Dressed: The Secret Life of Clothes looks at what our clothes say about us and what we say about them. An eminently readable study spanning art, film and philosophy, the book examines the social history of clothes as a means of conscious or unconscious self-expression, and as fashion, armour or deception. It has some amazing pictures – Alexander McQueen’s Armadillo shoes, Leonardo da Vinci’s handbag sketches – but this is much more than merely a picture book.
From the subtext behind Cinderella’s glass slipper, to a look at Cary Grant’s suits (did you know his father was a tailor?) or the implications of Tippi Hedren’s mink coat and alligator bag in ‘The Birds’, your clothes clearly often say more than you think. Author Shahidha Bari takes clothes seriously, perhaps a little too seriously at times, as she examines how we dress in terms of freedom, privacy and objectification. You may never look at that cardigan in the same way again.

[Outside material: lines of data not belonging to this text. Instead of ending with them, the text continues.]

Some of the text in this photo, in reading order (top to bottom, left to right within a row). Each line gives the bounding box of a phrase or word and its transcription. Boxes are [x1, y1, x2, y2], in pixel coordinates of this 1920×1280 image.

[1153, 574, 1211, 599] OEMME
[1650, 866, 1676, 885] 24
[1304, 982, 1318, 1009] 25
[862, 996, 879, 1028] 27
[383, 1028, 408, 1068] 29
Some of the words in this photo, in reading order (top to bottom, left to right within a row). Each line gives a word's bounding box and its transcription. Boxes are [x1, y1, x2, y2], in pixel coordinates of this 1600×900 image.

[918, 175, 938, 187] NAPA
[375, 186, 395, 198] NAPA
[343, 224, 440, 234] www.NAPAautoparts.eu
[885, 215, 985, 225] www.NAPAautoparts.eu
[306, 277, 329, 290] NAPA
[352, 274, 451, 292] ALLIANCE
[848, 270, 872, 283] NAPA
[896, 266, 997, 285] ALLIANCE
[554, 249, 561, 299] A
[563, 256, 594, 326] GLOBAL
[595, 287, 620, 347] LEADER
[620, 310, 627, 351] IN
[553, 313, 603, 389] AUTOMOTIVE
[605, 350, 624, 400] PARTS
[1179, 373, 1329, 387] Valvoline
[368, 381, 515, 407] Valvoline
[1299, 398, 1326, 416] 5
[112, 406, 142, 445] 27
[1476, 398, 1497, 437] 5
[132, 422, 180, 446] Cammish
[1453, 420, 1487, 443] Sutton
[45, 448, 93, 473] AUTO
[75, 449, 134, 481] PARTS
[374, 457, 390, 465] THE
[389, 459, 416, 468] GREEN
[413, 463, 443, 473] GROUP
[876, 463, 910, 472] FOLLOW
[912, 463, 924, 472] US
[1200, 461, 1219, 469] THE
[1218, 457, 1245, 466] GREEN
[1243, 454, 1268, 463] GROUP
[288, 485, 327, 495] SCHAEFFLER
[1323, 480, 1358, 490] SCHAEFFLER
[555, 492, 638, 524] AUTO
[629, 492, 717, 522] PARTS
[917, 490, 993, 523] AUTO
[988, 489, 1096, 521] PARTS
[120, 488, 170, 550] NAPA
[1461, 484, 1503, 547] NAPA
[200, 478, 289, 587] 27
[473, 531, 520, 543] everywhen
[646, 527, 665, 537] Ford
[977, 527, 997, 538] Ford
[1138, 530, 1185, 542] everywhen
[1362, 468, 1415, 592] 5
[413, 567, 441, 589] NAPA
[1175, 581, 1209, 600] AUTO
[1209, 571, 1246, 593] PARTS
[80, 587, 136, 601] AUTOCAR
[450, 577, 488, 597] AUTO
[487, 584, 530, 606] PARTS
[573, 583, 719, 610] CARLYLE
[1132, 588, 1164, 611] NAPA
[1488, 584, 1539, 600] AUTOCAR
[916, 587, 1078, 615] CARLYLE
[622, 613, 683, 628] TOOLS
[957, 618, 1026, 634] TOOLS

Wearing the Trousers by Don Chapman is more of a chronological study of changes in clothes as a symbol (and indeed a reward) of emerging liberation. At the turn of the last century the rational dress movement (also known as the Victorian dress reform movement), championed by campaigners such as Lady Harberton, rebelled against the constraints imposed on women by what they wore. In a time when crippling corsets could ruin your health and heavy full skirts made movement difficult, Lady H decried ‘the sinister influence which fashion exercises upon our home and social life’.

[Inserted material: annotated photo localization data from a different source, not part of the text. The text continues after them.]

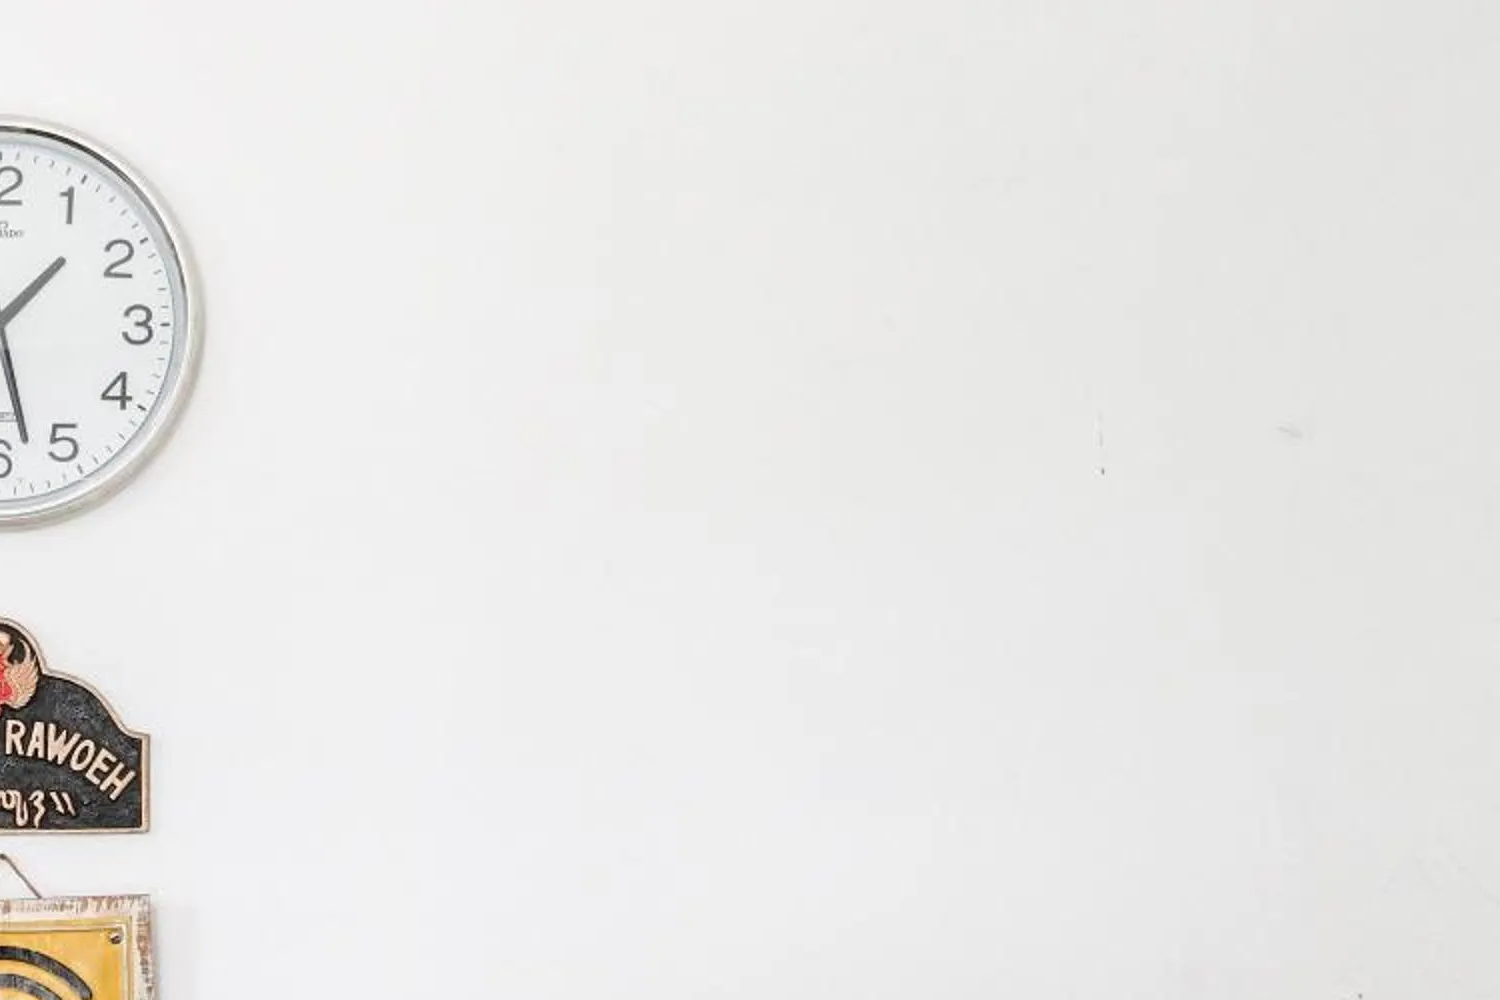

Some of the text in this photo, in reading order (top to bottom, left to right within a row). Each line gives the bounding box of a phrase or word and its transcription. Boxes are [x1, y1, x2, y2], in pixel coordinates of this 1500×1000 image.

[59, 186, 75, 225] 1
[103, 239, 135, 279] 2
[121, 303, 154, 346] 3
[100, 371, 133, 411] 4
[47, 423, 80, 463] 5
[5, 719, 136, 800] RAWOEH

Although we tend to think of the 19th century as the heyday of oppressive fashions, it wasn’t until as recently as 1968 that Oxford University ruled that women students could wear trousers with their caps and gowns, and in 1999 the mother of a 14 year-old Tyne and Wear schoolgirl had to take her case to the Equal Opportunities Commission to win a ruling to allow her daughter to wear trousers to school.
How to Read a Dress by Lydia Edwards sashays down the historical catwalk, examining women’s costume from the 16th to the 20th century. Overviews of the trends of the period are accompanied by full-colour photographs of historical garments (mostly from museum collections) highlighting important features and commenting on shape, fabric and accessories.
It is fascinating to rifle through this pictorial dress-up box and see styles come and go, and then imagine what you might like to wear. My pick would be the amazing grey satin evening coat from 1912, its shape influenced by the craze for all things Japanese. The draping really makes the satin ripple with light.
The ultimate dress is, of course, the wedding dress. It has to be perfect and you only get one shot at this (not true of course but we cling to that romantic illusion). Making Vintage Wedding Dresses is a glorious celebration of wedding dresses from the 1920s to the 1960s. On show are dresses from fabulous confections of lace to slim and elegant pillars of silk. What’s even better is that the book contains patterns to help you recreate your own vintage wedding gown.
Julie Summers’ Fashion on the Ration is less pictorial than the previous titles mentioned but is nevertheless just as interesting. The author discusses how, despite privations, fashion in the war years became an act of defiance and a way of maintaining dignity and hope. Clothes rationing – the dreaded utility orders, ‘Make Do and Mend’ and women’s uniforms – are all discussed in some detail using diaries, fashion magazine archives and personal stories.
Lastly, Barbara Burman’s The Pocket is a particularly fine example of how a study of what women wore can reveal a wealth of social history. The author focuses on pockets in the everyday lives of women in the 18th and 19th centuries. At that time a pocket, rather than being a tiny dress-specific dumping ground for bus tickets and used hankies, was a tied-on accessory more akin to the modern handbag. While today we tend to minimise what we keep in our pockets to avoid the suggestion of hippo-hips, our great-great-grandmother’s tie-on pocket could contain anything from a penny to a sketchbook or bible to a live duck. Burman has examined these tie-on bags held in museum collections around the country, and has used them to tell the stories of women from all walks of life – from duchesses to prostitutes.